Why the Change from “Fraudulent Transfer” to “Voidable Transaction” May be a Big Deal

The Uniform Fraudulent Transfer Act (UFTA) was recently amended and renamed; it is now called the Uniform Voidable Transactions Act (UVTA). “The renaming has no substantive effect whatever. Yet, it reflects an important truth about the act that merits discussion.” This article shows how changes in semantics can potentially lead to changes in how so-called fraudulent transfer lawsuits are addressed by practitioners and the courts.

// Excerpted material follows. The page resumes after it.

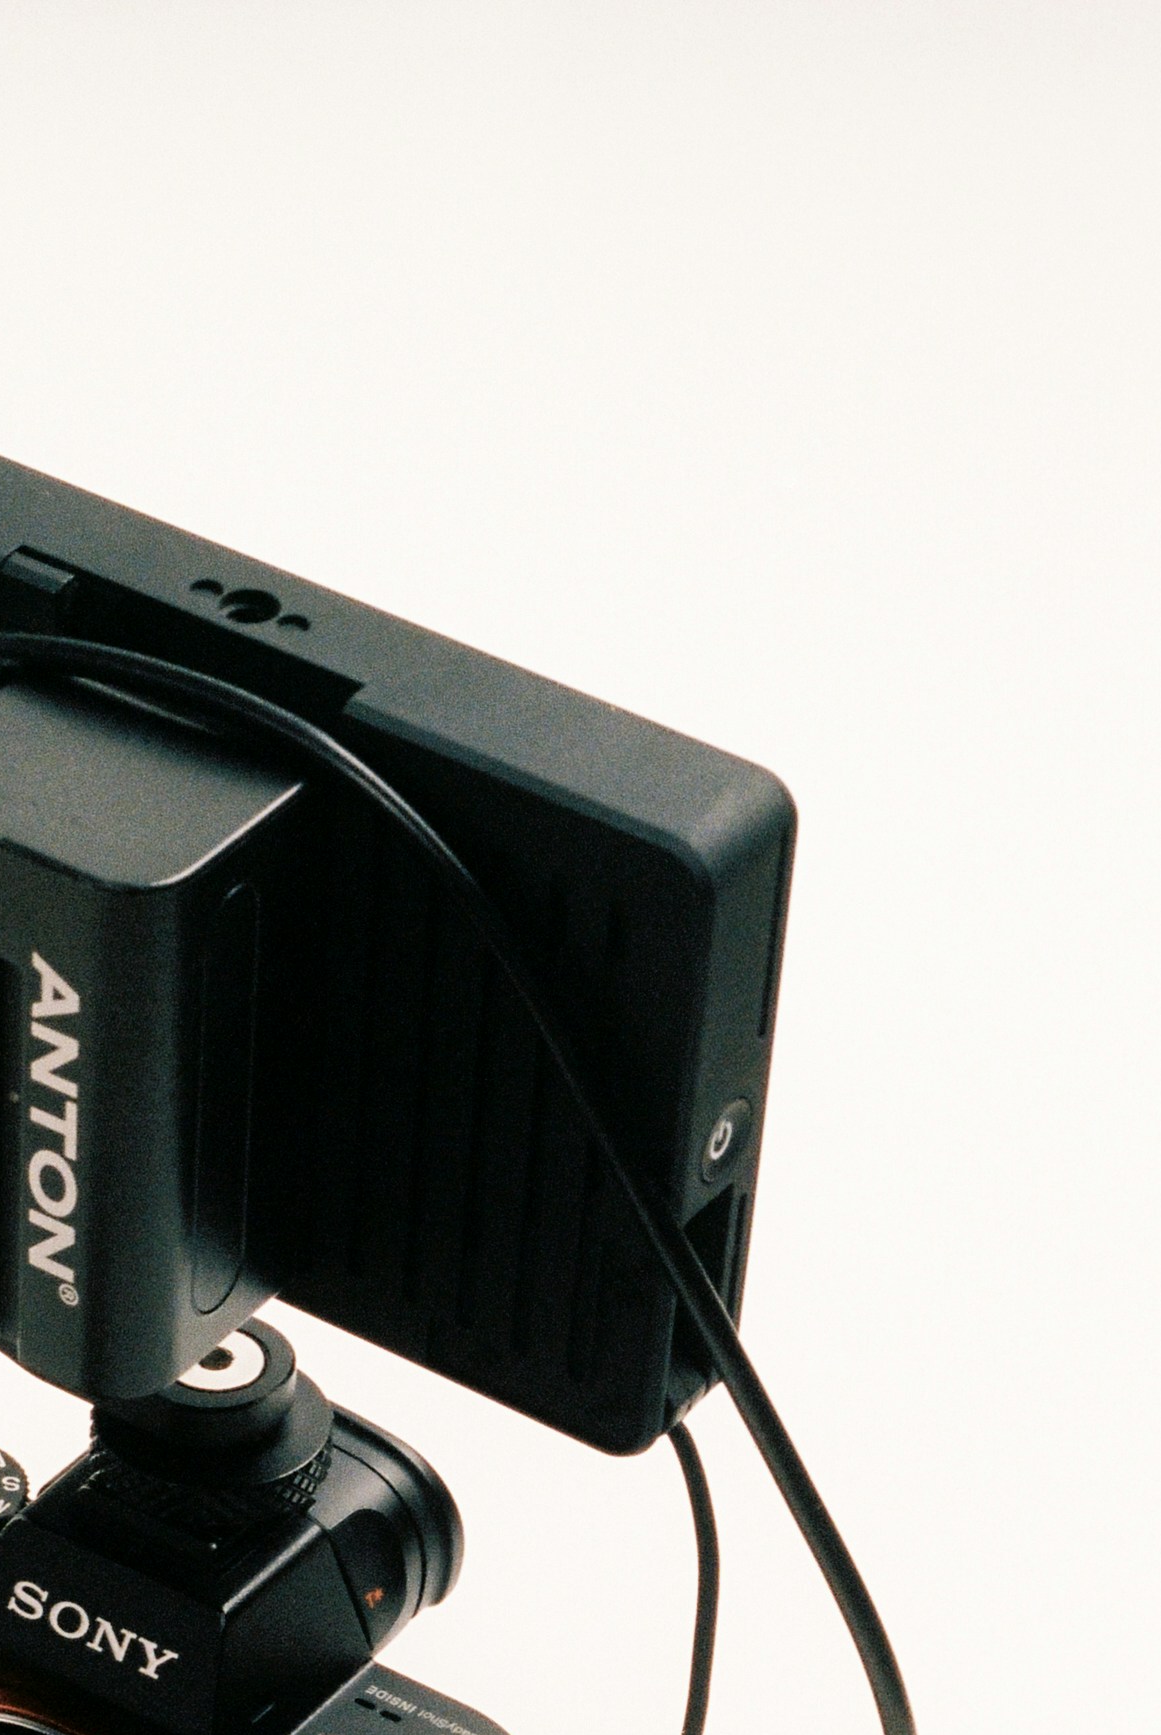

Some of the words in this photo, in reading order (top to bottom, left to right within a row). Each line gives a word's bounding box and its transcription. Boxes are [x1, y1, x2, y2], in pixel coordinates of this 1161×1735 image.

[1, 1476, 21, 1491] S
[6, 1580, 179, 1680] SONY
[364, 1684, 418, 1714] INSIDE

fraudulent_transferThe Uniform Fraudulent Transfer Act (UFTA) was recently amended and renamed; it is now called the Uniform Voidable Transactions Act (UVTA).  “The renaming has no substantive effect whatever.  Yet, it reflects an important truth about the act that merits discussion.”[i]  This article shows how changes in semantics can potentially lead to changes in how so-called fraudulent transfer lawsuits are addressed by practitioners and the courts.

Terms of Art

Practitioners frequently use terms of art that are specific to their field.  For example, journalists categorize certain off-the-record information as “deep background”.  A term of art such as “deep background” does not have a clear meaning to a lay person.

 

The problem with some terms of art is that they can be difficult to define.  What exactly does “deep background” mean?  An interview published on the American Journalism Review website reveals a divergent set of views on the definition of “deep background” that is perhaps best summarized as: “It means different things to different people.  I’ve never understood it.”[ii]

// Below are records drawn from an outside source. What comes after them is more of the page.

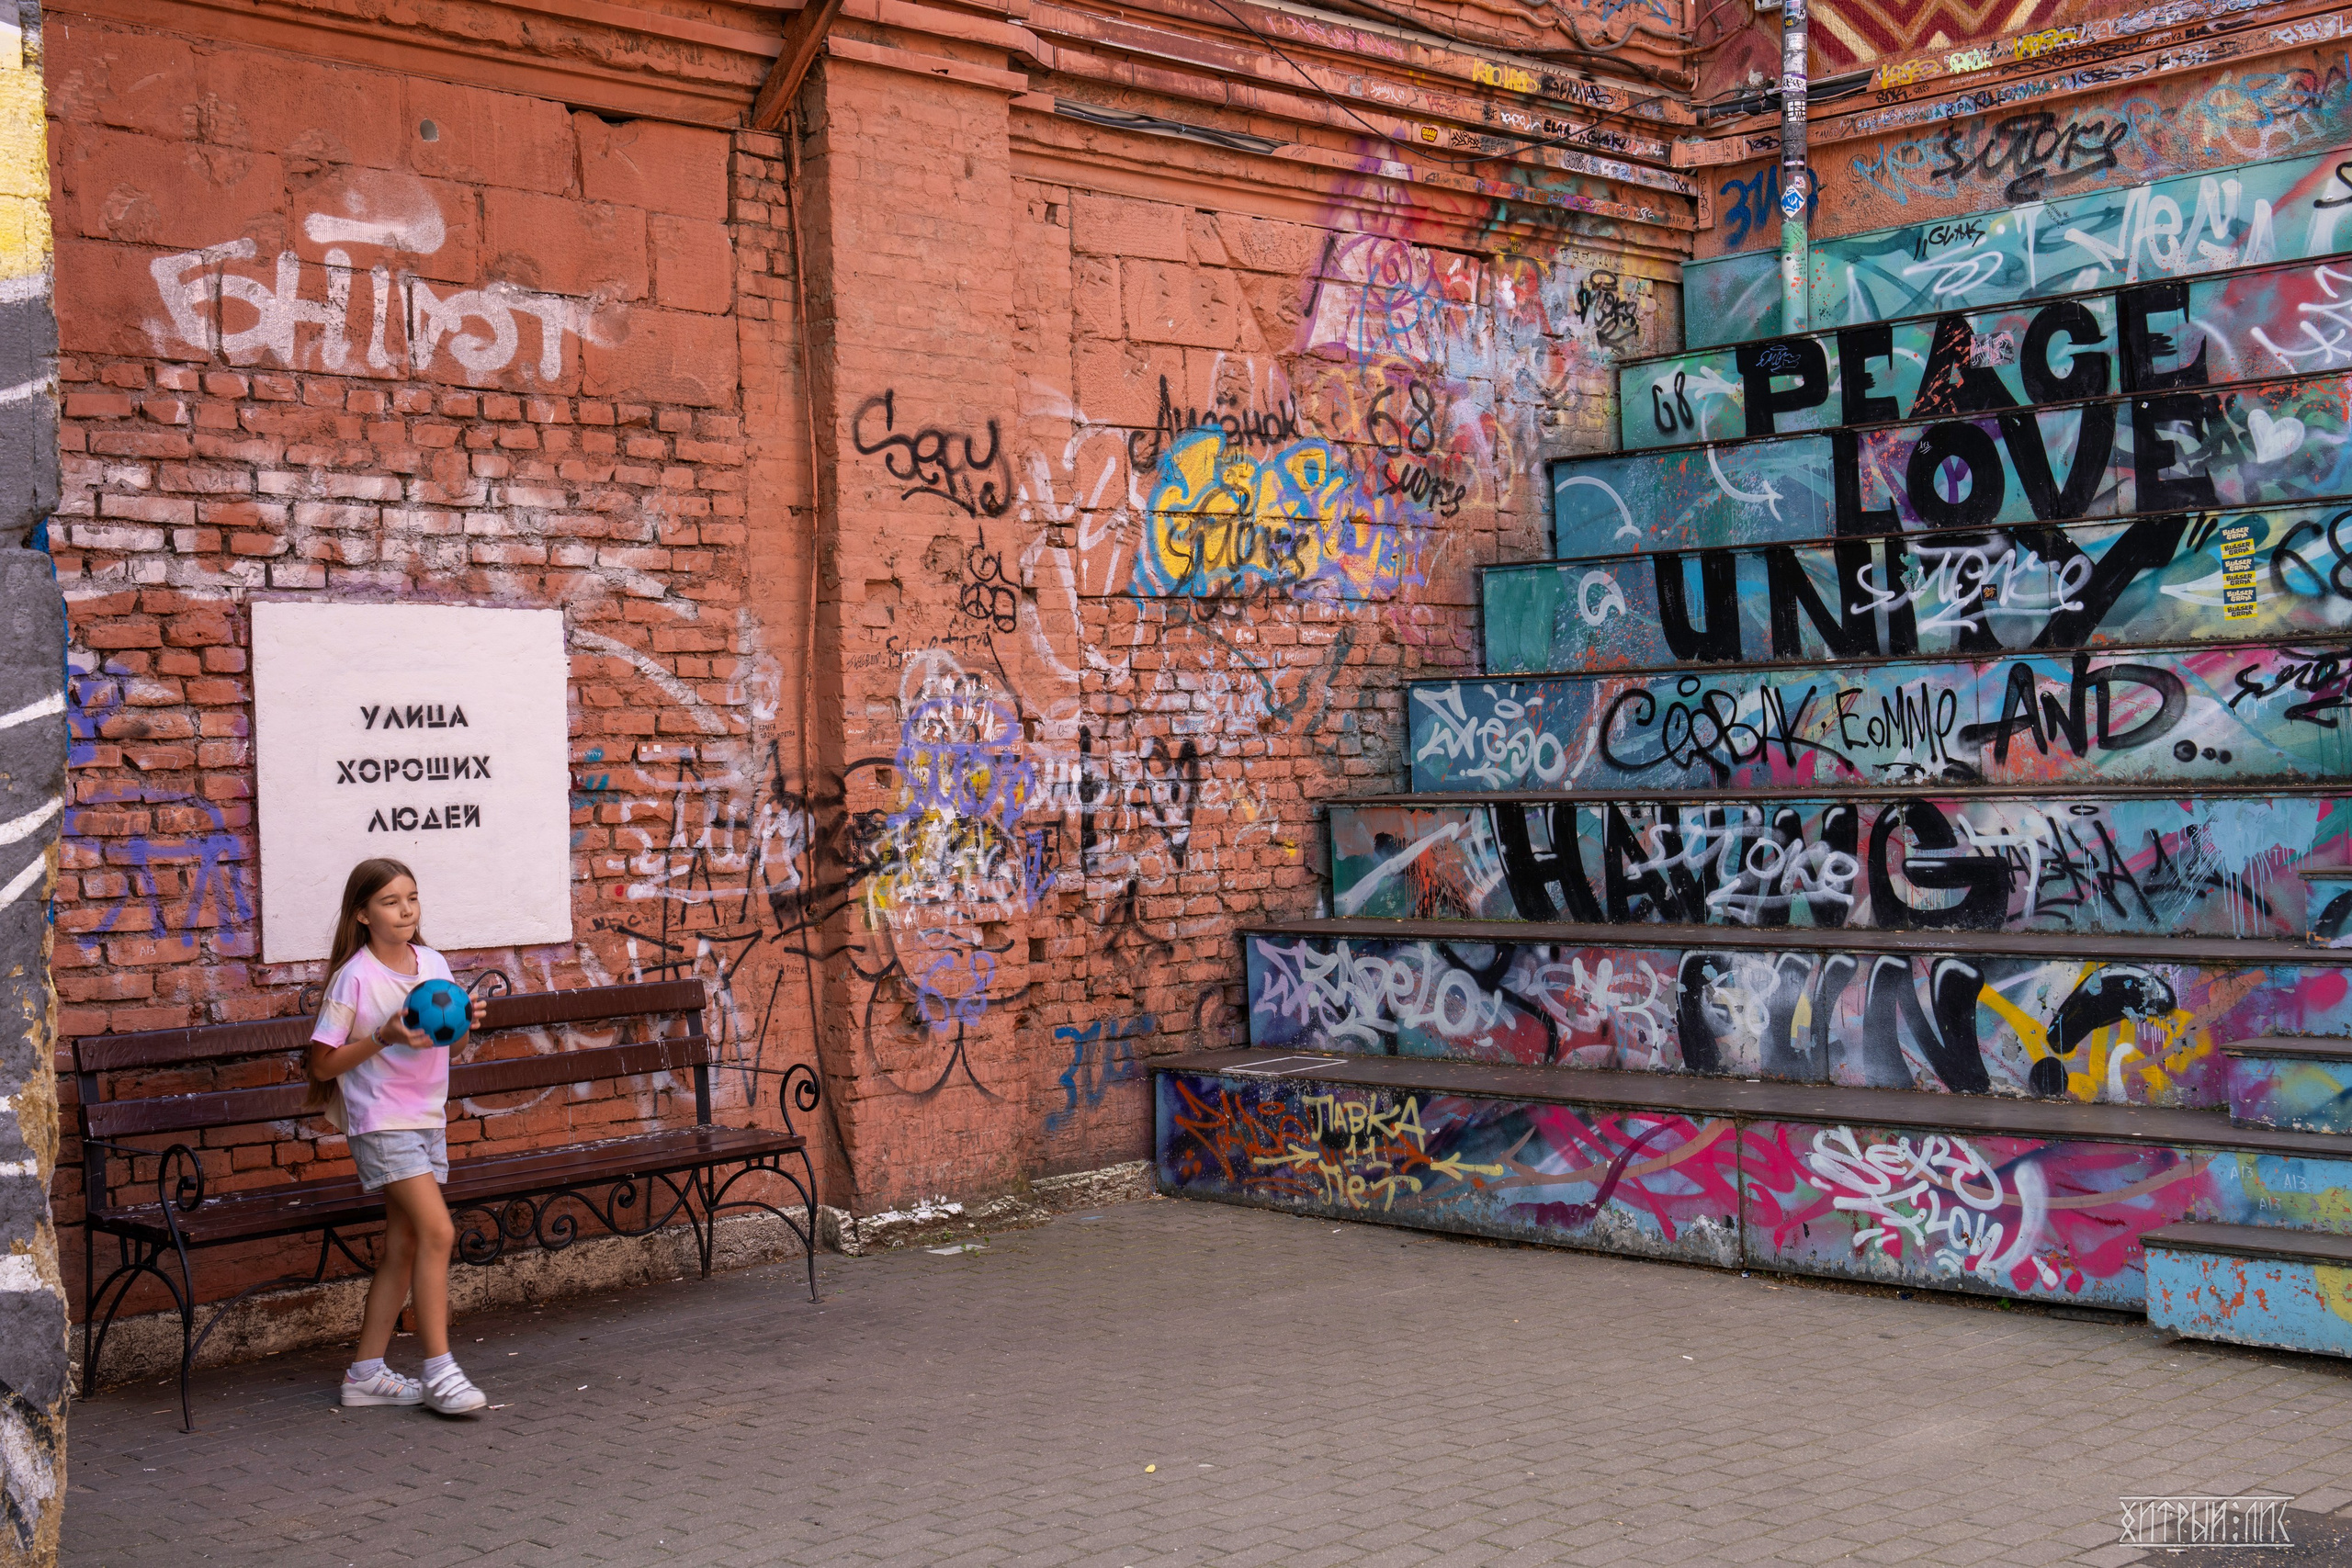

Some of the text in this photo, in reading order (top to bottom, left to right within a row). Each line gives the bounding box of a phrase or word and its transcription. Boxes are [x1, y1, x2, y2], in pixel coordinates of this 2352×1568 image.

[1736, 282, 2209, 435] PEACE
[1836, 393, 2218, 536] LOVE
[360, 705, 469, 729] УЛИЦА
[336, 756, 492, 784] ХОРОШИХ
[368, 805, 481, 832] ЛЮДЕЙ
[2230, 1166, 2254, 1179] A13
[2284, 1173, 2307, 1190] A13

A term of art is “[a] word or phrase that has a precise, specialized meaning within a particular field or profession.”[iii]  As shown above, some terms of art are not very precise.  This lack of precision can lead to unintended consequences.

Fraudulent vs. Voidable

The UFTA used the terms fraudulent and voidable to describe the same activity, “about equally.”[iv]  The use of different terms to describe the same activity can lead to confusion.

 

The term voidable is more apt than fraudulent in the context of so-called fraudulent transfers because the term fraudulent is misleading.[v]  “The heart of the matter is that fraud, in the modern sense of that word, is not, and never has been, a necessary element of a claim for relief under the act.”[vi]  Said differently, a transaction can be voidable without being fraudulent.  As a practical matter, the remedy for a so-called fraudulent transfer lawsuit is voiding of the disputed transaction.[vii]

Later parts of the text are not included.